The Supreme Court has granted certiorari to hear a challenge to the constitutionality of the Consumer Financial Protection Bureau (CFPB). While the CFPB won in the Ninth Circuit, the agency has since changed its mind and now agrees that its structure, which makes the single director of an independent agency removable only for cause, is unconstitutional, and also asked the Court to grant certiorari. With the parties in agreement that the CFPB is unconstitutional as currently structured, the Supreme Court appointed Paul Clement to defend the Ninth Circuit’s decision as an amicus, and in its order granting certiorari directed the parties to brief and argue the additional question of whether the for-cause removal provision can be severed from the Dodd-Frank Act that established the CFPB.
At stake is not just the future of the CFPB, but all the work it has done so far. The CFPB told the Supreme Court that after the removal provision is severed it will remain “fully operative” and any actions taken by its unconstitutionally appointed director could be ratified by a properly removable head of the agency. If the Supreme Court disagrees, the regulatory changes the CFPB brought to mortgage lending and financial institutions may be invalid, as well as the forward-looking conduct provisions that the CFPB built into settlements of enforcement actions.

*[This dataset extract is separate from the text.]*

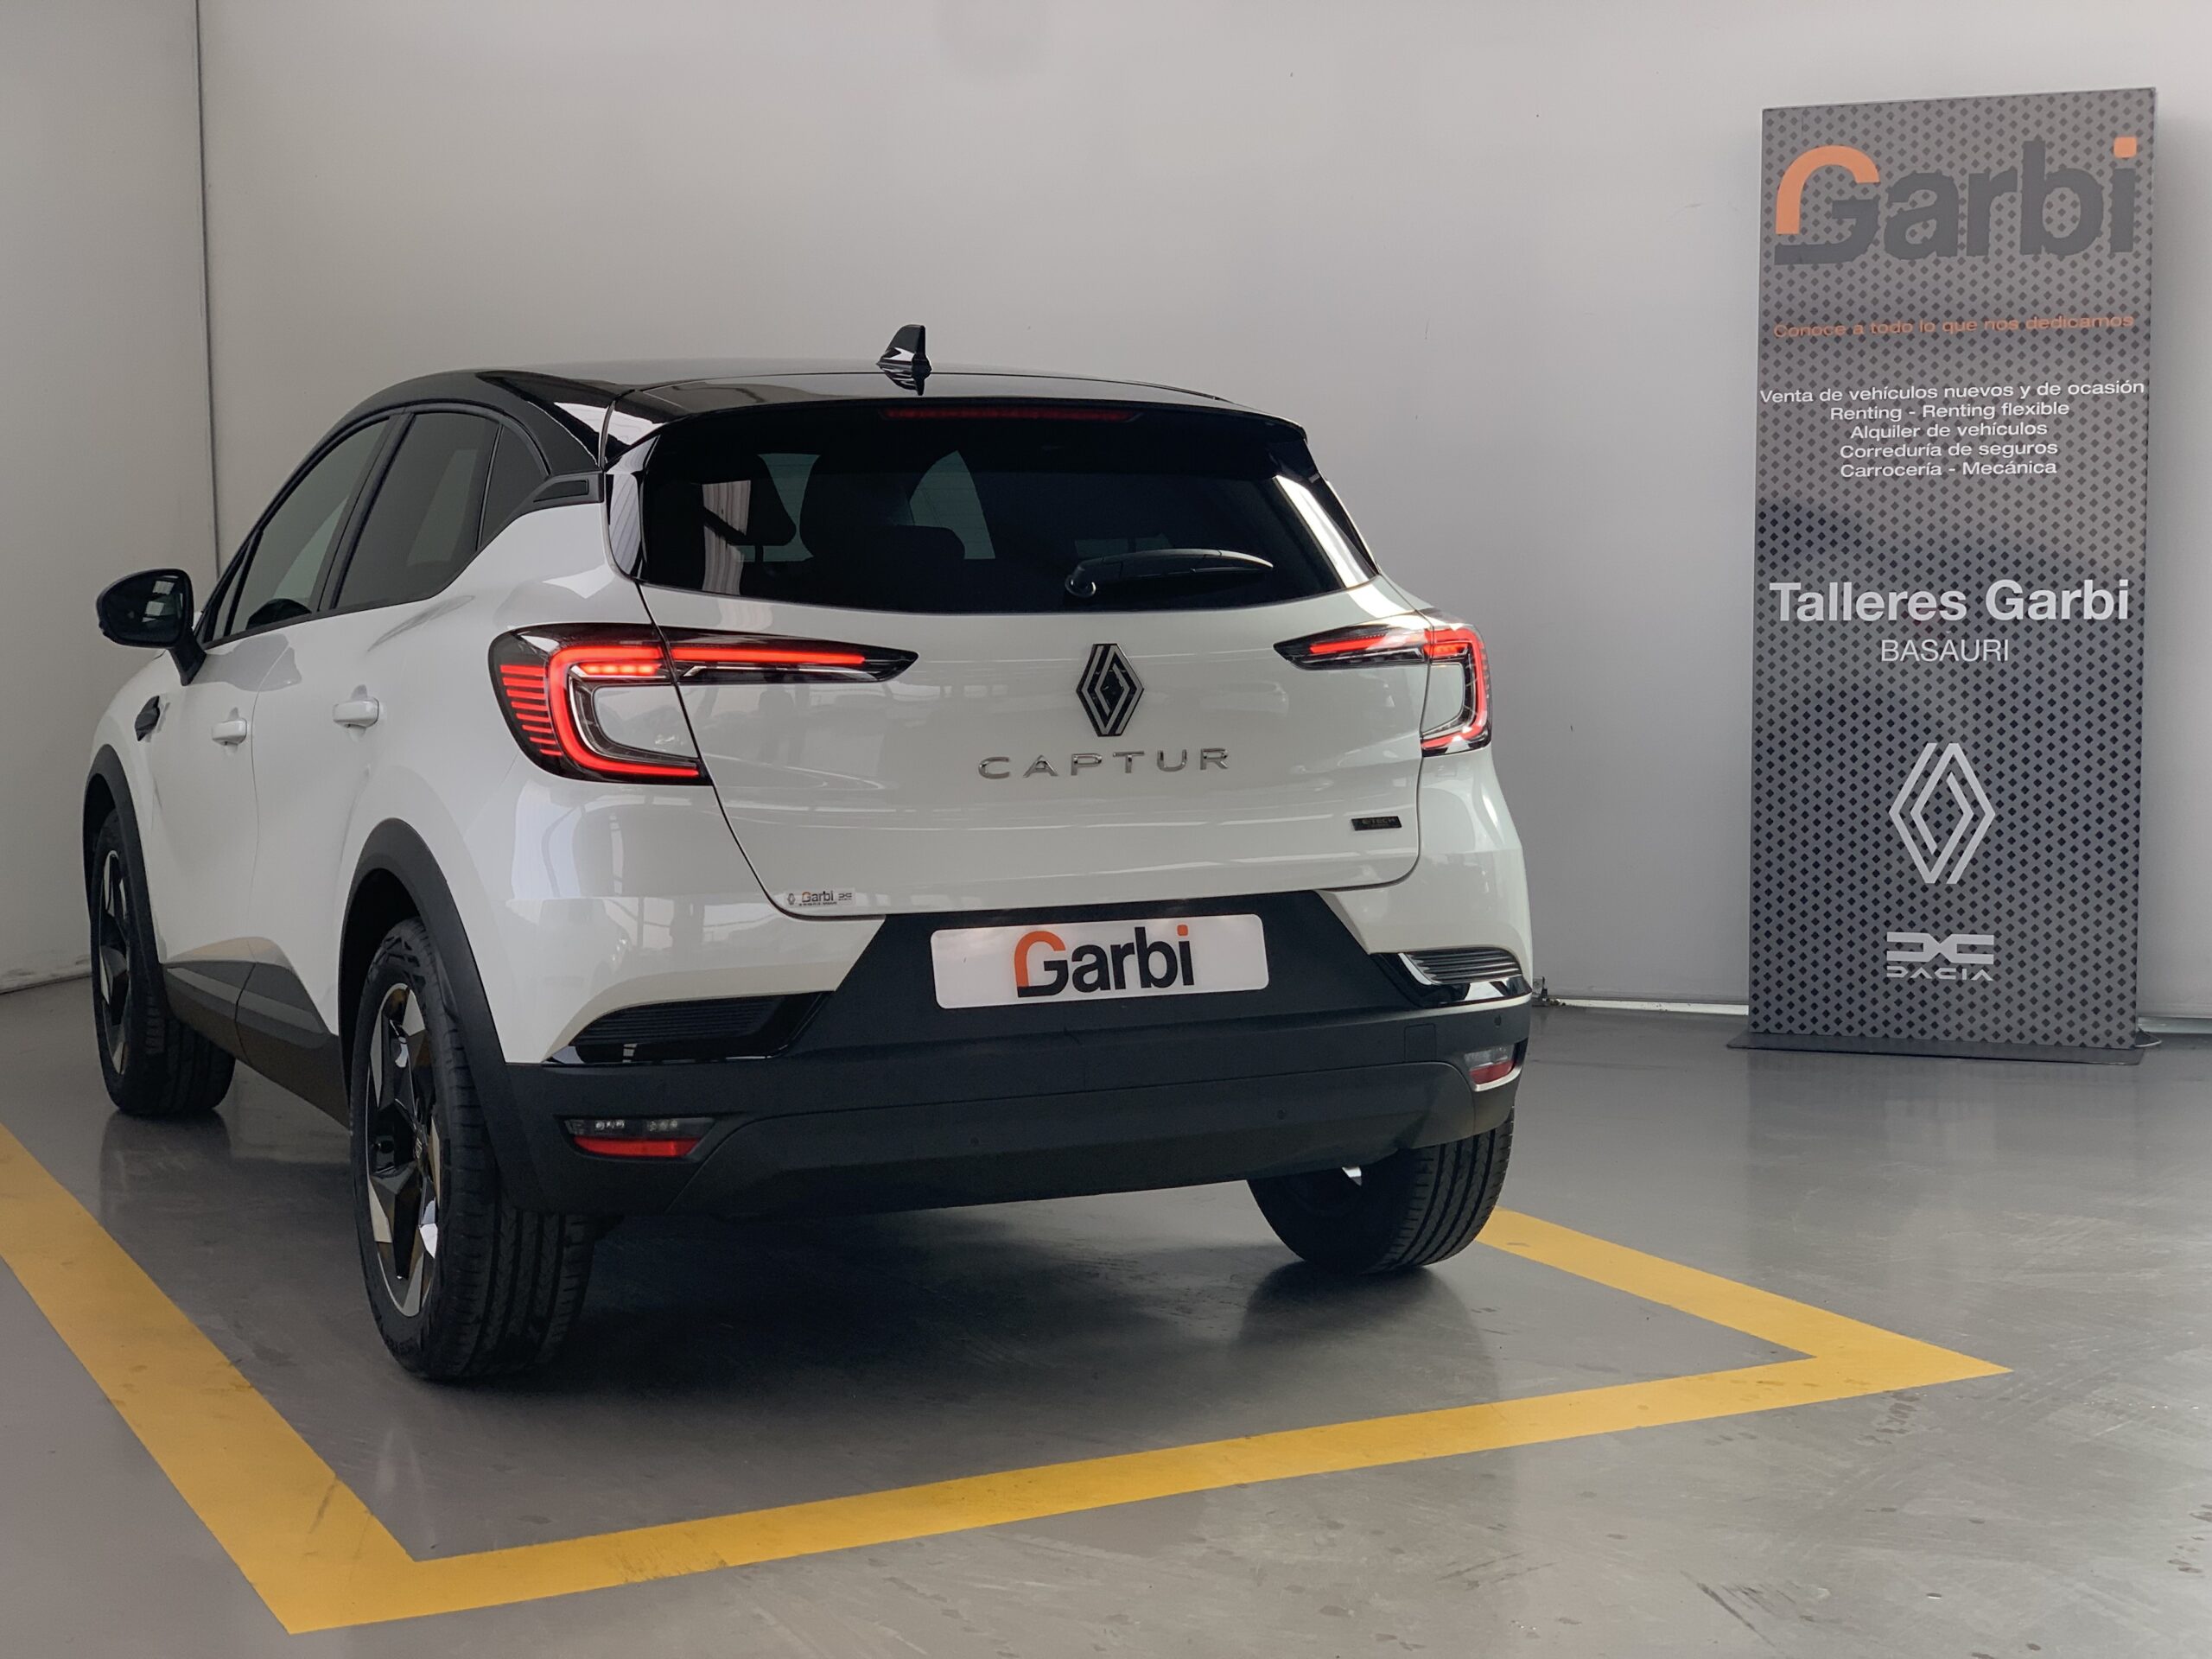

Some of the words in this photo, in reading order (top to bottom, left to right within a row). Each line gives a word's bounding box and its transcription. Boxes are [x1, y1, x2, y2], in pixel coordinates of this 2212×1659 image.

Meanwhile, the CFPB continues to investigate and bring enforcement actions, putting its targets in a position where they must decide how to treat actions authorized by a director who believes herself to be unconstitutionally insulated from removal. As the CFPB itself told the Supreme Court, “Until this Court resolves the constitutionality of the Bureau’s structure, those subject to the agency’s regulation or enforcement can (and often will) raise the issue as a defense to the Bureau’s efforts to implement and enforce federal consumer financial law.” Depending on what parties predict the outcome will be at the Supreme Court, the pending case could be used as leverage in negotiations, a reason to stay any action, or a justification for a complete refusal to cooperate.